To be frank, my initial reaction to the modifiers proposal was not dissimilar to Joachim's. But I mellowed up to the type-based approach because of things like linear types (which need to be type-level values) and matchability (which also needs to for inference). As I understand it, adding arguments to the functional arrow (and, correspondingly, to binders) was one of the prime motivations for the design of modifiers. And as long as you annotate within expression, it seems to be a pretty reasonable design. Where maybe the proposal is overly enthusiastic (and I say “maybe” quite honestly: I don't really have an opinion) is to apply type-based modifiers to whole declarations (overlappable instance, or deactivating warnings), where the benefits of types are less clear, and we run into situation like Joachim's pointing out where we want to change the behaviour of the renamer. We may very well want to treat the definition granularity and the expression granularity very differently. In the prior art in this space, there are also Rust's attributes, which are at the definition granularity (they are essentially just strings). On Thu, 15 Dec 2022 at 13:04, Simon Peyton Jones < simon.peytonjones@gmail.com> wrote:
Hmm.
- We have an accepted proposal for modifiers. - As of today we have a willing implementer, Georgi: https://gitlab.haskell.org/ghc/ghc/-/issues/22624
And yet some doubt is being expressed in this thread about whether the accepted proposal is the one we really want.
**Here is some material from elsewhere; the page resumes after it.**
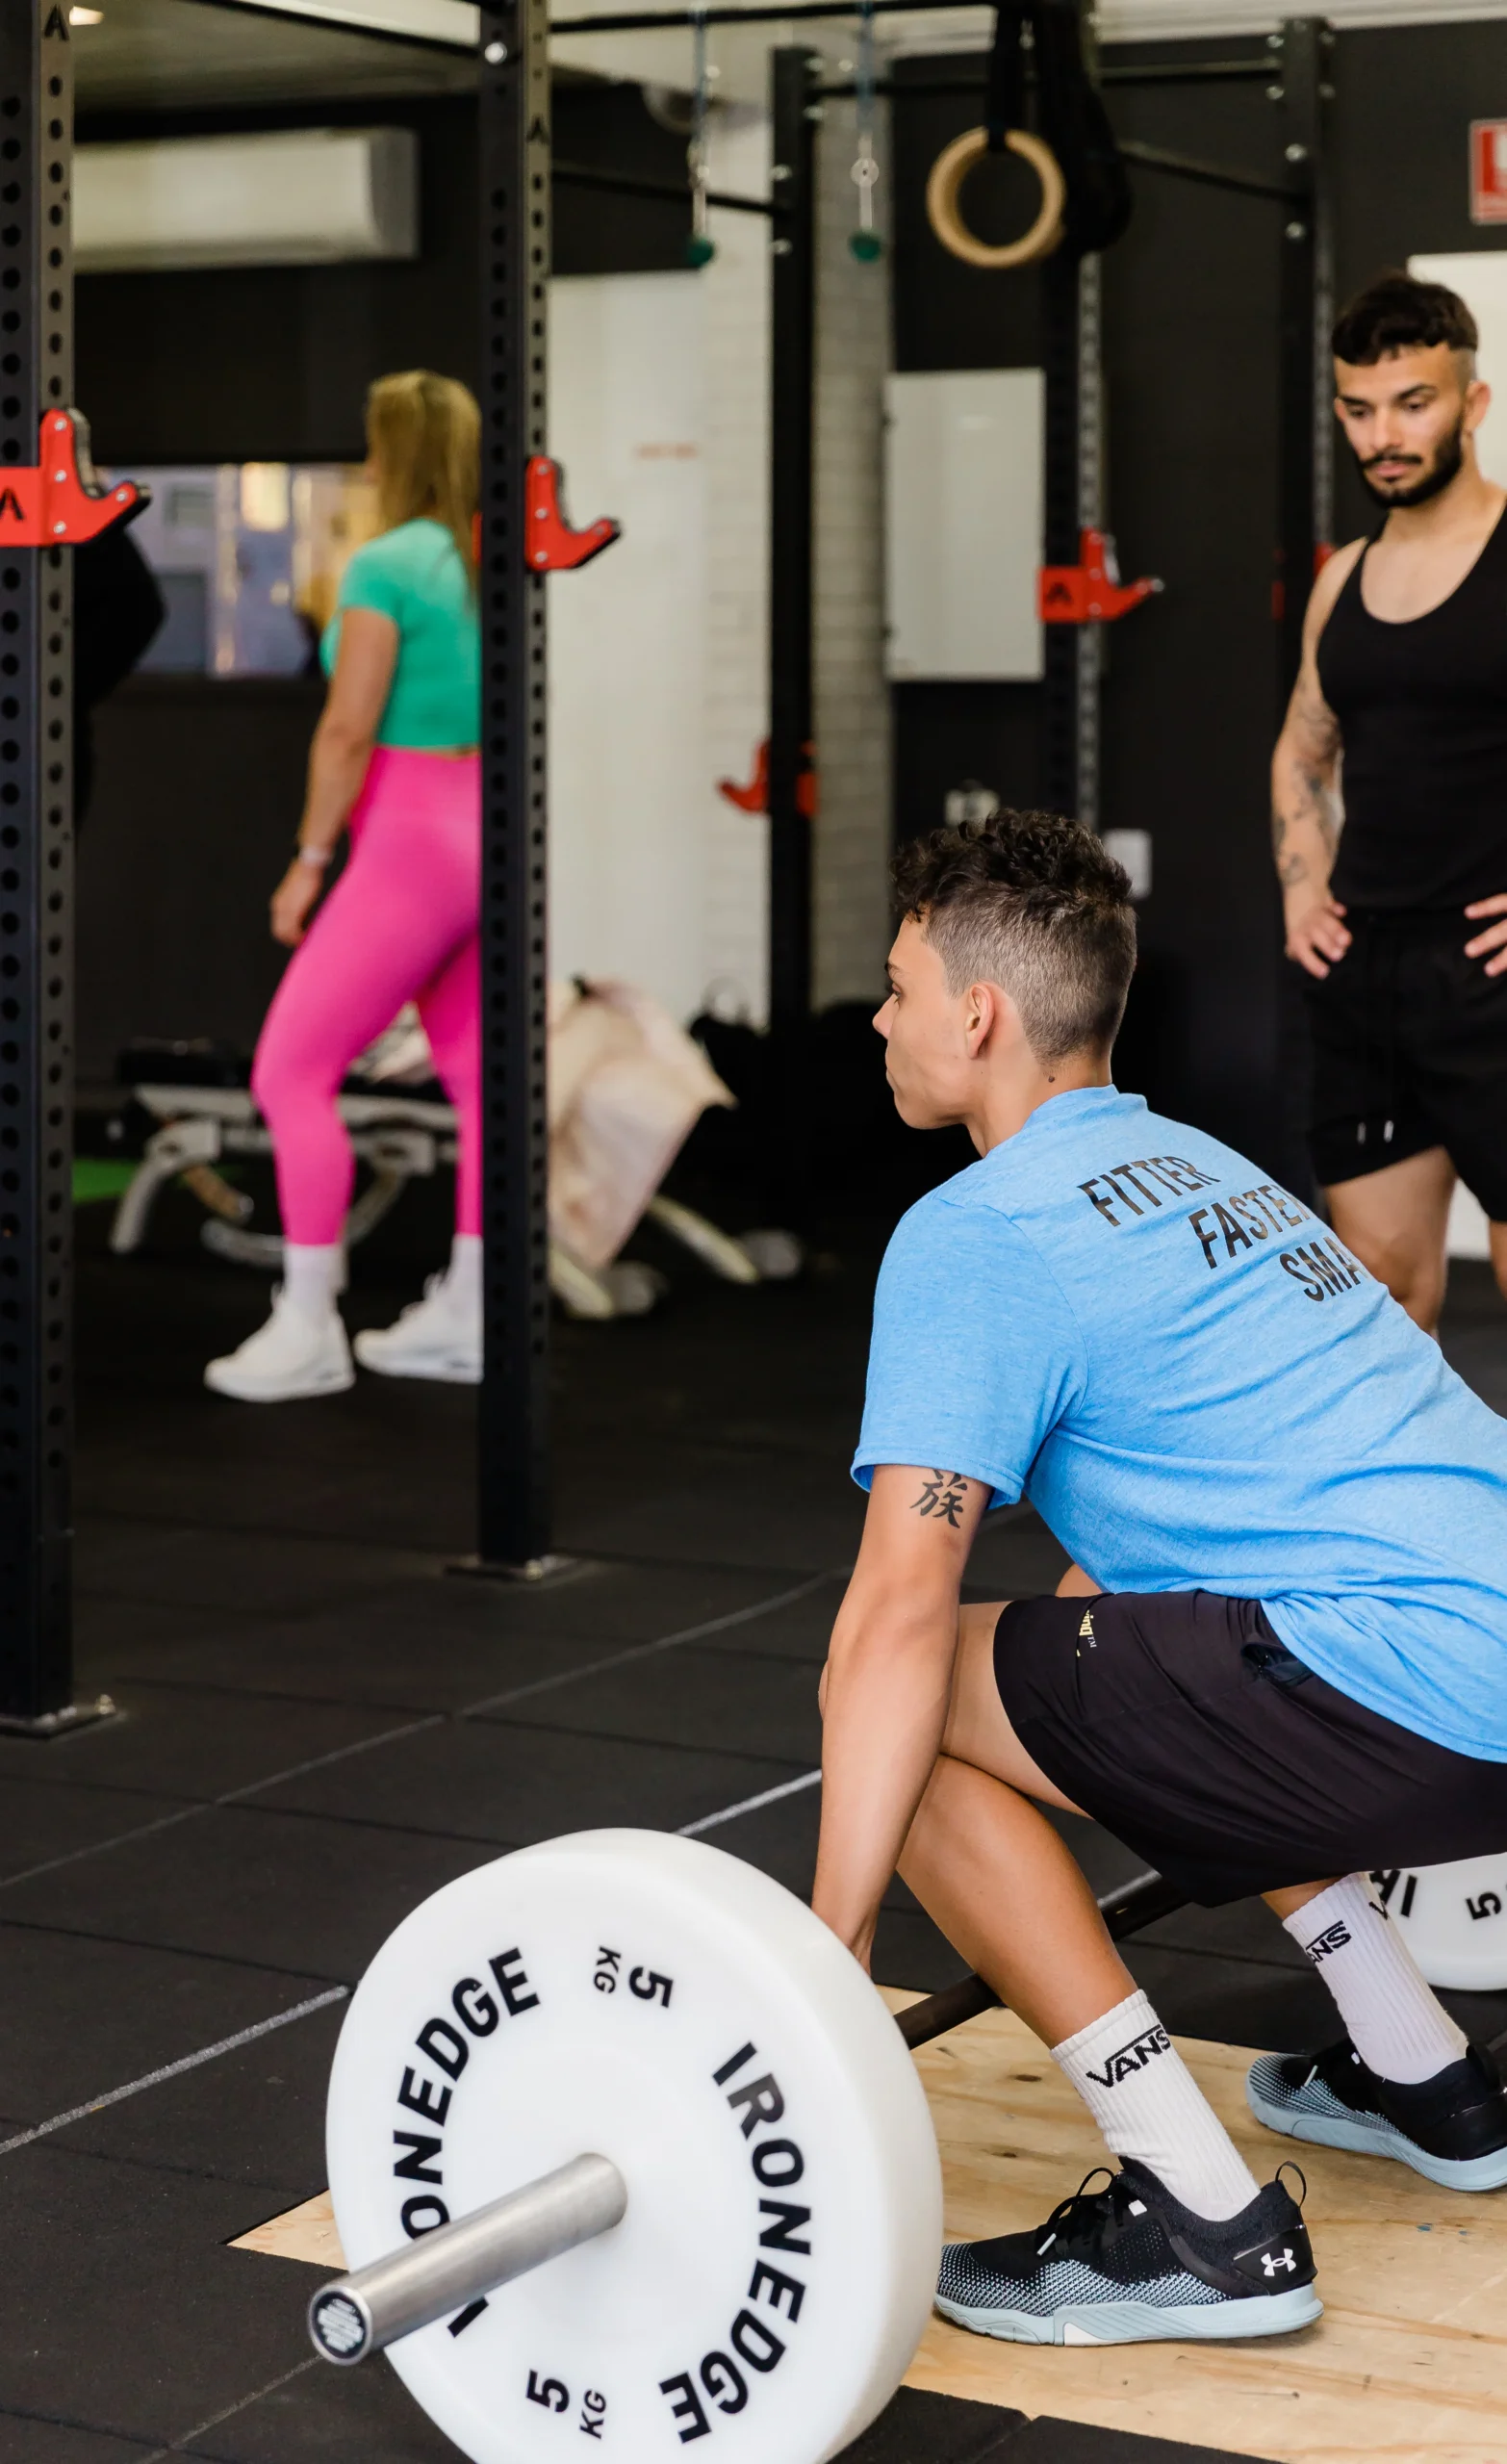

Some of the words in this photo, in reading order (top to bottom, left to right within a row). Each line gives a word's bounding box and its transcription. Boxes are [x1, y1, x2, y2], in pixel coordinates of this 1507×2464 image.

@rae Georgi says you are going to mentor him. Do you feel able to help us converge on a design we are all content with; quite possibly just reaffirming the current accepted proposal?
Simon
On Thu, 15 Dec 2022 at 09:43, Joachim Breitner
wrote: Hi Richard,
thanks, comparing Modifiers to the annotations and attributes in other languages indeed puts this into a perspective that makes more sense to me. It seems I have assumed a broader scope for modifiers (maybe because “modify” sounds much stronger than “annotate” or “attribut…ize”). So I conclude the goal is not to necessarily to remove _all_ kind of pragmas, but only maybe those that fit the pattern (e.g. don’t affect parsing and renaming). Is that right?
So my straw man “could qualified imports be modifiers” is simply out of scope (heh).
Especially the potential use case for plugins (which do benefit from an extensible, namespaced scheme that does not require changes to parsing) – essentially a variant of the ANN pragma – is convincing.
Turning back to NoFieldSelectors, however, I notice that NoFieldSelectors _does_ affect renaming already, because it affects whether a symbol with the field’s name is in scope (which, in particular, has further effects with implicit binders etc…), doesn't it? So would modifiers, if we had them, even work here?